While it is certainly important and ideal to treat everyone equally regardless of their racial identity, in reality, this does not always pan out, namely within the cultural heritage. How does the racial identity of an artist affect how they produce artwork, and how it is viewed by the masses?

Artist Kerry James Marshall discusses black artists’ desire to be called simply “artists” without having to insert a qualifying racial identifier into their titles. Cultural identity is defined both by the search and creation of definitions of its own members and by the perceptions and propaganda of others and, more specifically, those in power.

Both before and after the Civil War, African Americans were depicted by mainstream visual culture as caricatures, both as an attempt by the white mainstream to define what it didn’t understand, and to keep from elevating the status of African-American culture. This took an obvious form in the “mammy” archetype, as well as artwork relegating African-Americans to subservient roles, such as entertainer, cook, caretaker, and servant.

Kerry James Marshall

During the Harlem Renaissance, a cultural movement in the 1920s and 1930s characterized by an explosion in African-American literature, music, and art, there existed a heavy focus on re-conceptualizing African-American identity representation.  Writer and philosopher Alain Locke (1855-1954) encouraged artists of the early 20th century to celebrate their race by representing African-American subjects, and looking to African traditions in order to illustrate a sense of cultural pride and interest.

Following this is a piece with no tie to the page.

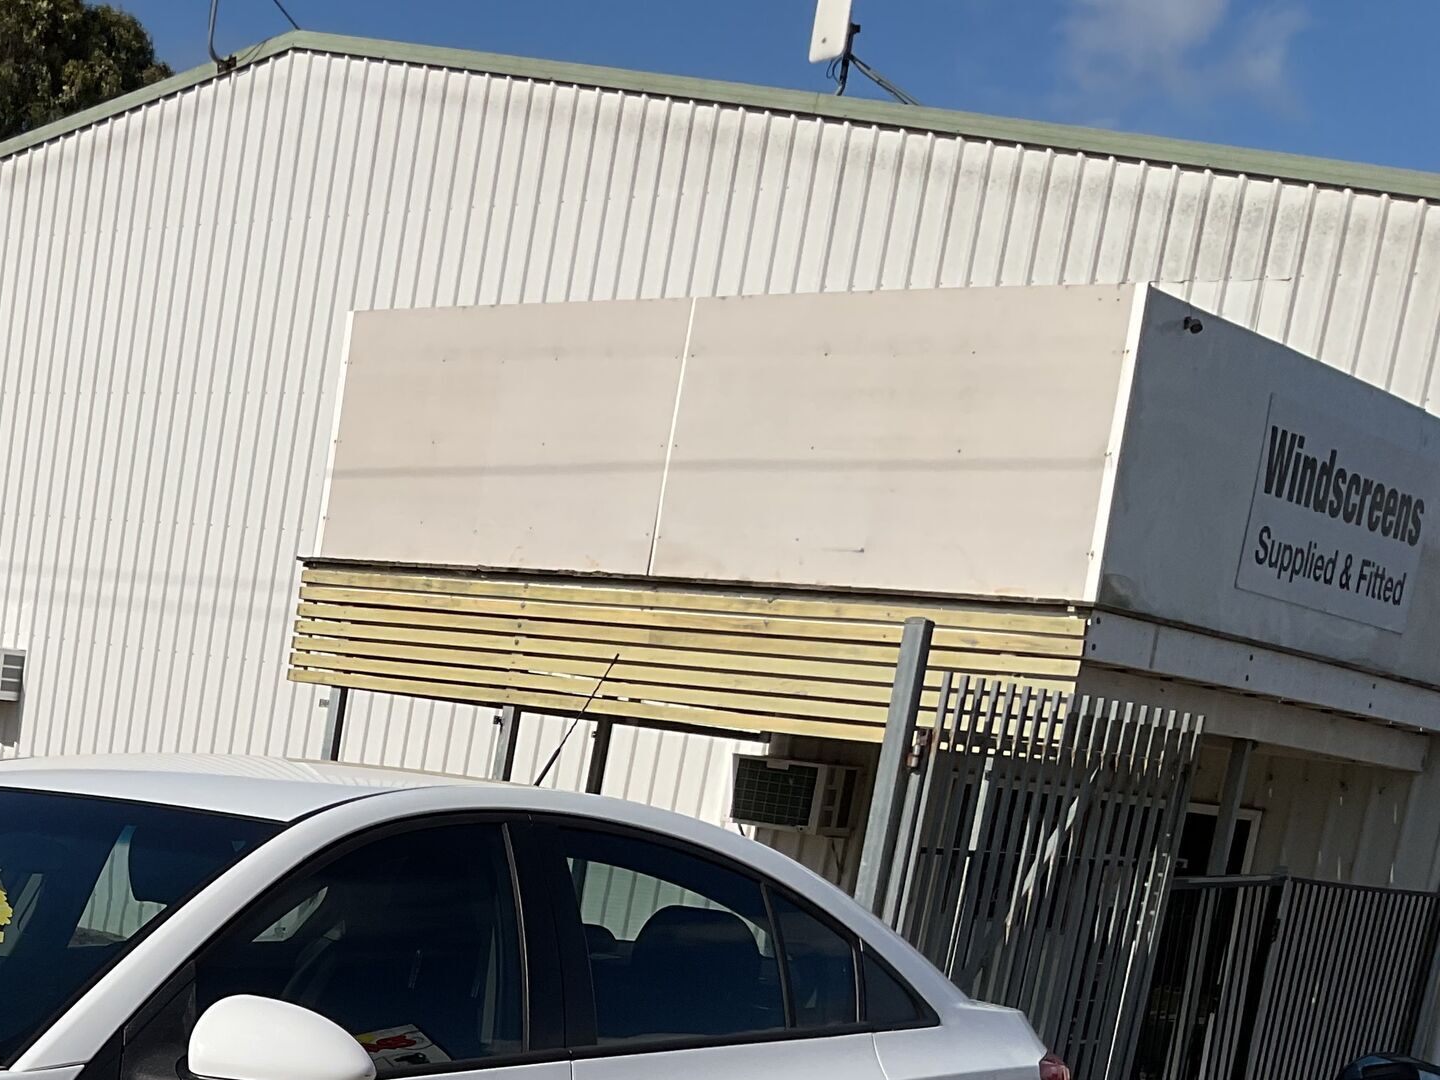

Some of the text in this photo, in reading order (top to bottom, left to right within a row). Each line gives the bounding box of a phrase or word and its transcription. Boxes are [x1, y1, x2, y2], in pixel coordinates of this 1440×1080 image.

This racial and cultural dialogue has not ended.  Contemporary artists still discuss and confront issues of race and art.  Kerry James Marshall confronts marginalized black history by re-appropriating historical African images to become more heroic within in his own work, and by emphasizing skin color.

Detail of Gone, An Historical Romance of a Civil War as It Occurred Between the Dusky Thighs of One Young Negress and Her Heart, 1994

Another contemporary artist, Kara Walker, primarily uses figurative and narrative silhouettes cut from paper to comment on race relations in America past and present. All of her figural cut outs, regardless of race, are rendered only in black paper, therefore not allowing the viewer to differentiate between ethnicity based on skin tone.  Instead, these racial variations can only be identified through stereotypical facial features that Walker emphasizes on purpose (ie: obscenely large lips on African-American figures).  This is meant to make you uncomfortable and question your own stereotypical notions about different races.

Some artists choose to confront race as directly as possible in their identity art, even making the audience question their own identities. Adrian Piper’s famous 1988 video installation piece entitled Cornered shows Piper, a light-skinned African-American, speaking to her audience directly about her blackness, and how her acknowledgment of her race may make the audience feel. Not only that, but she discusses the notion that a majority of white people statistically have black ancestry, and how being presented with that information makes the audience feel. She implicates everyone, black and white, as part of the problem and part of the solution.

This post is meant to give an overview of ideas related to racial identity within art. Obviously these ideas only represent a select few points of view within a broad and beautiful artistic culture.